Scalability Enhancement on Software Defined Industrial Wireless Sensor Networks Over TSCH

Industry 4.0 digitization requirements have led to widespread adoption of industrial wireless sensor networks (IWSNs) in manufacturing environments. These require strict control of the traffic flowing over the network to ensure the quality of service. Software-defined networks (SDNs) can address this challenge, as their centralized operation allows routing and media access control (MAC) protocols to be optimized. In addition, in many cases a massive deployment of metering devices is necessary, therefore the network must be scalable, to allow an increase in the number and density of nodes in the network.

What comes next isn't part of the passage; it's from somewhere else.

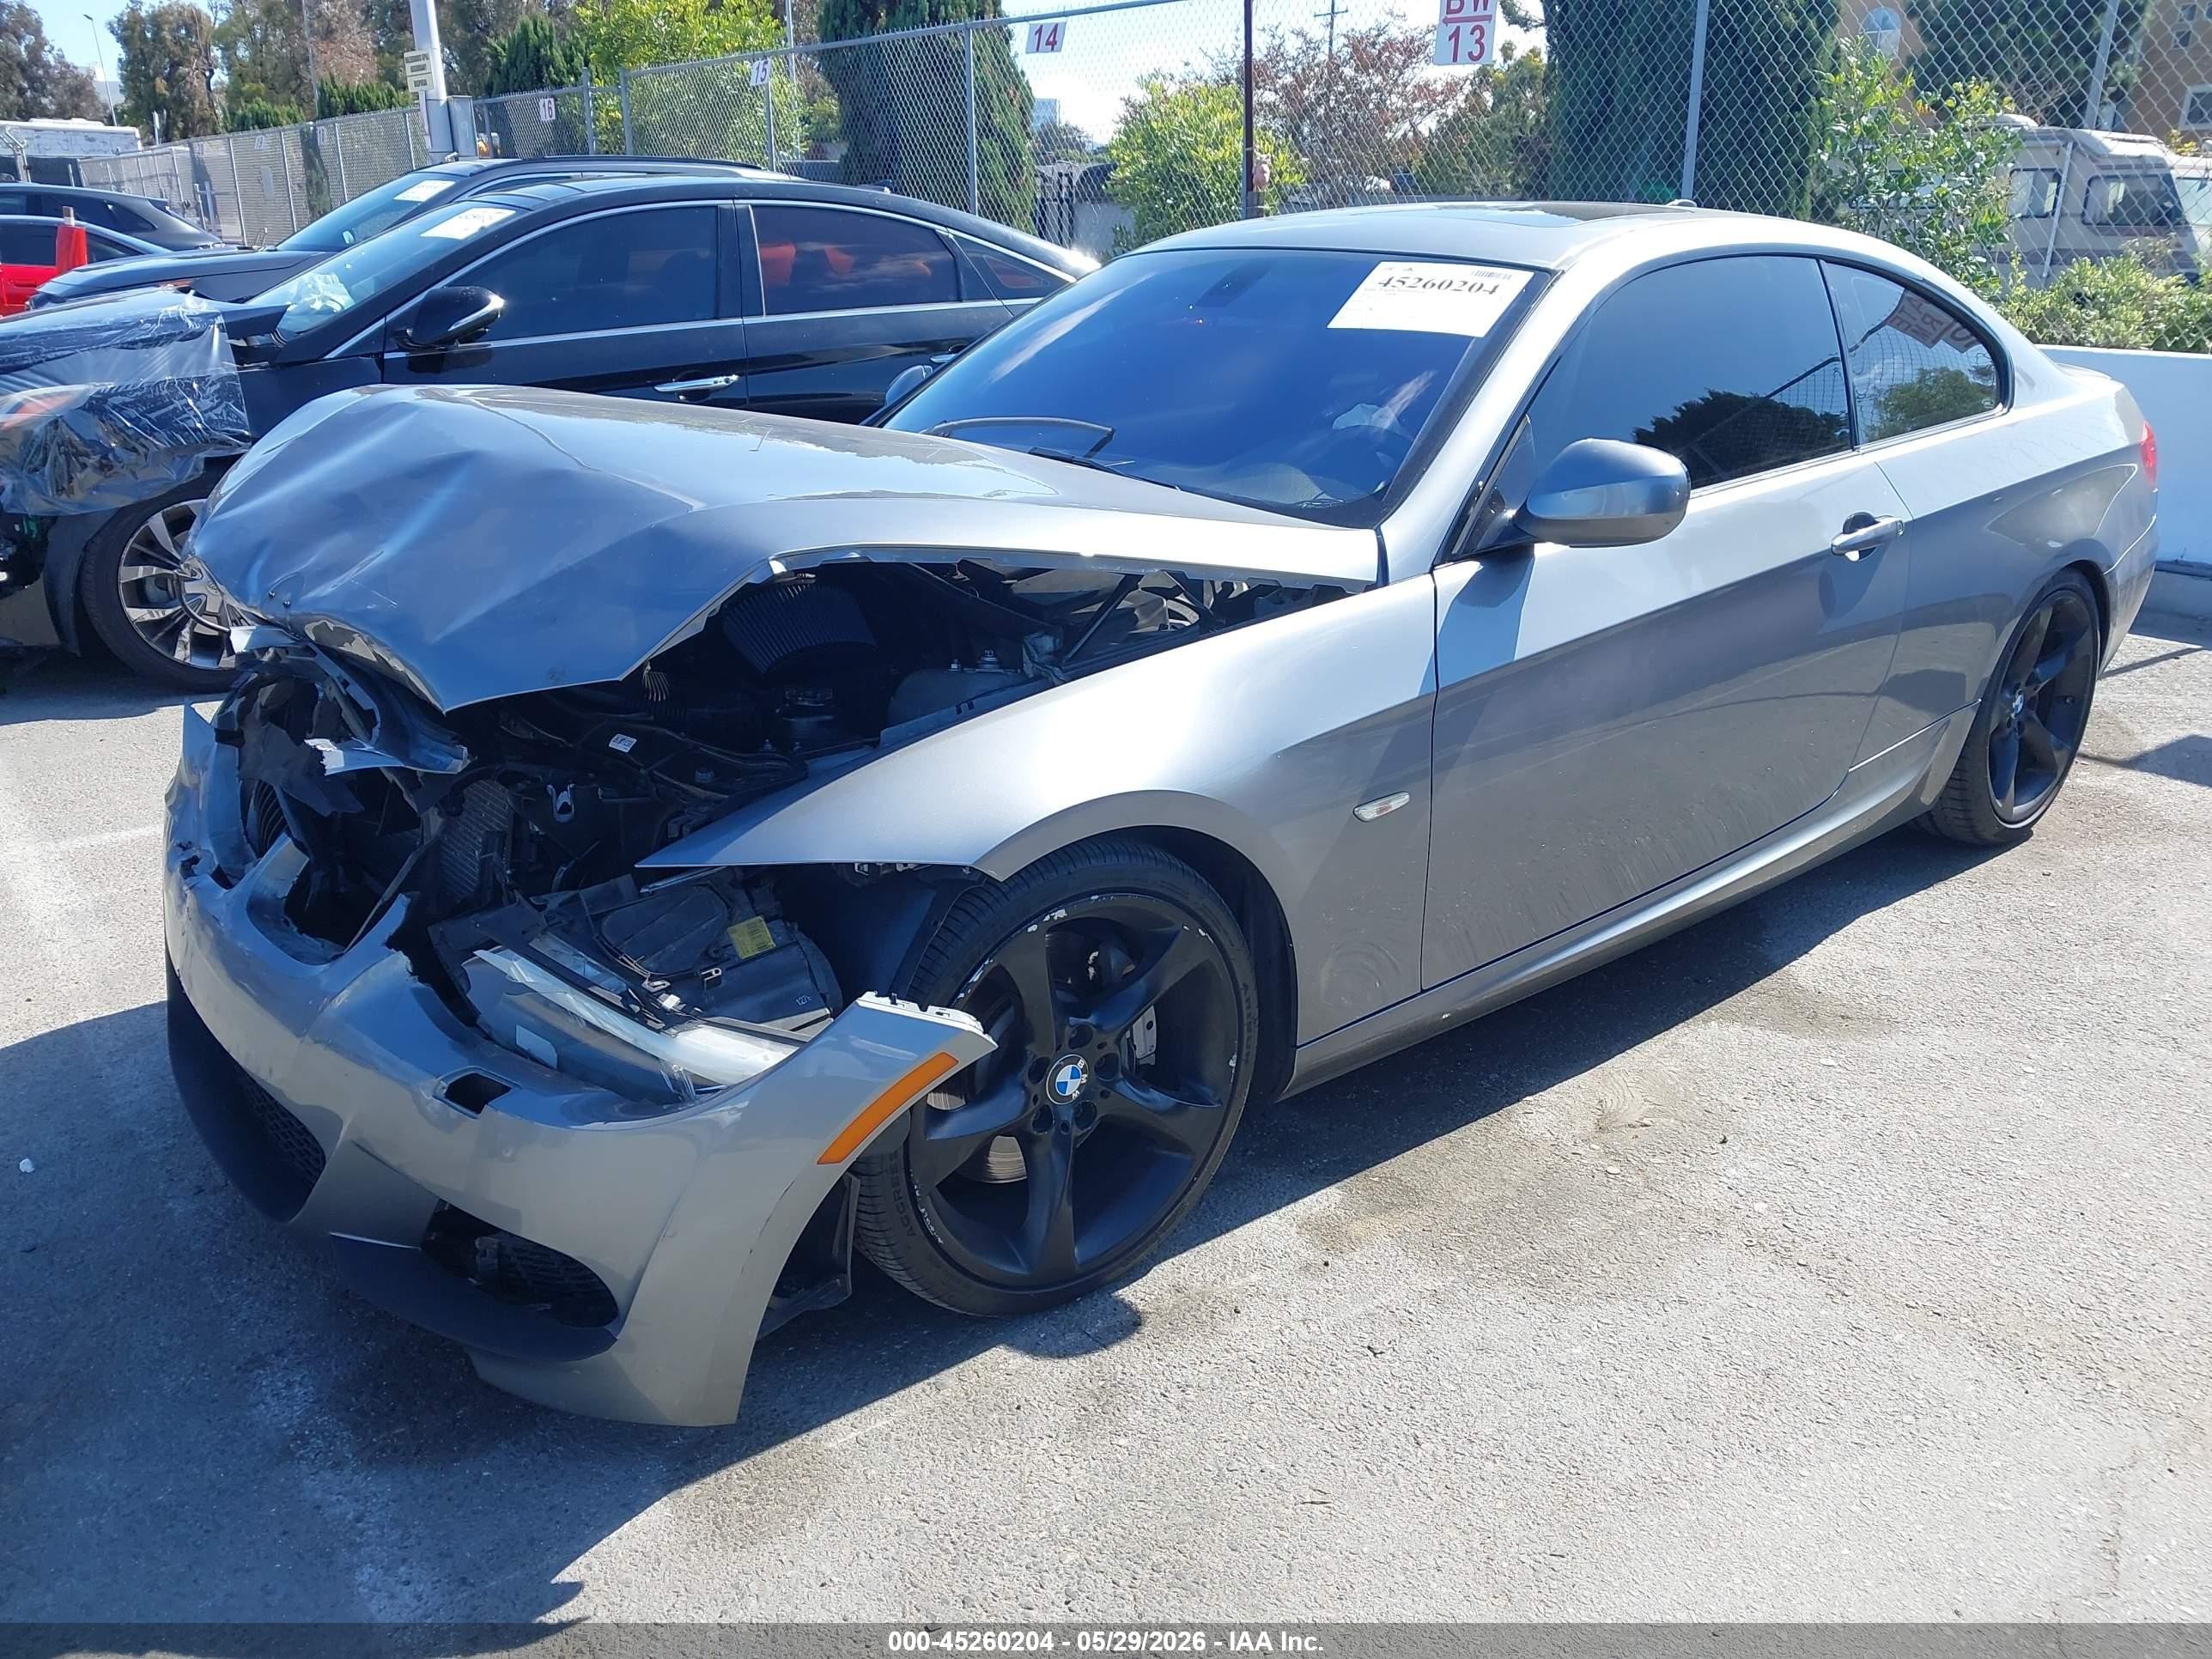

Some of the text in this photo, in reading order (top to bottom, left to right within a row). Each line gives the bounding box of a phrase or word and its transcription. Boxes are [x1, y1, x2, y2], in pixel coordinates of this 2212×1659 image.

This implies an increase in the control traffic required by SDNs, generating a significant reduction in the throughput available for data. This is because the length of the timeslot limits the throughput of the network in protocols that uses time division, such as the Time Slotted Channel Hopping (TSCH), conditioning the number of nodes that the network can have and its data sending rate. In this paper, we propose to exploit the integration and reconfiguration capabilities of SDN to extend the number of nodes in the network through the use of multi-radio sinks called virtual sinks, orchestrated from the SDN controller, and extending their use to multiple SD-IWSNs to take full advantage of the radio spectrum. To optimize bandwidth usage, the SDN controller will allocate network slices, allowing nodes to send data with a high frequency using dedicated channels. The results obtained show that the use of multi-radio sinks provides for increasing the maximum number of nodes that can be deployed while preserving the quality of service (QoS) requirements. A linear increase in nodes at least 0.7 times for each radio interface is obtained compared to an SD-IWSN with a traditional sink. In addition, the use of virtual sinks increases the packet frequency of the network by a factor equal to the number of radio interfaces. Moreover, the total number of nodes is improved through the coexistence of multiple SD-IWSNs, where up to 13.7 times more nodes can be scheduled using all the available spectrum orchestrated from the same SDN controller.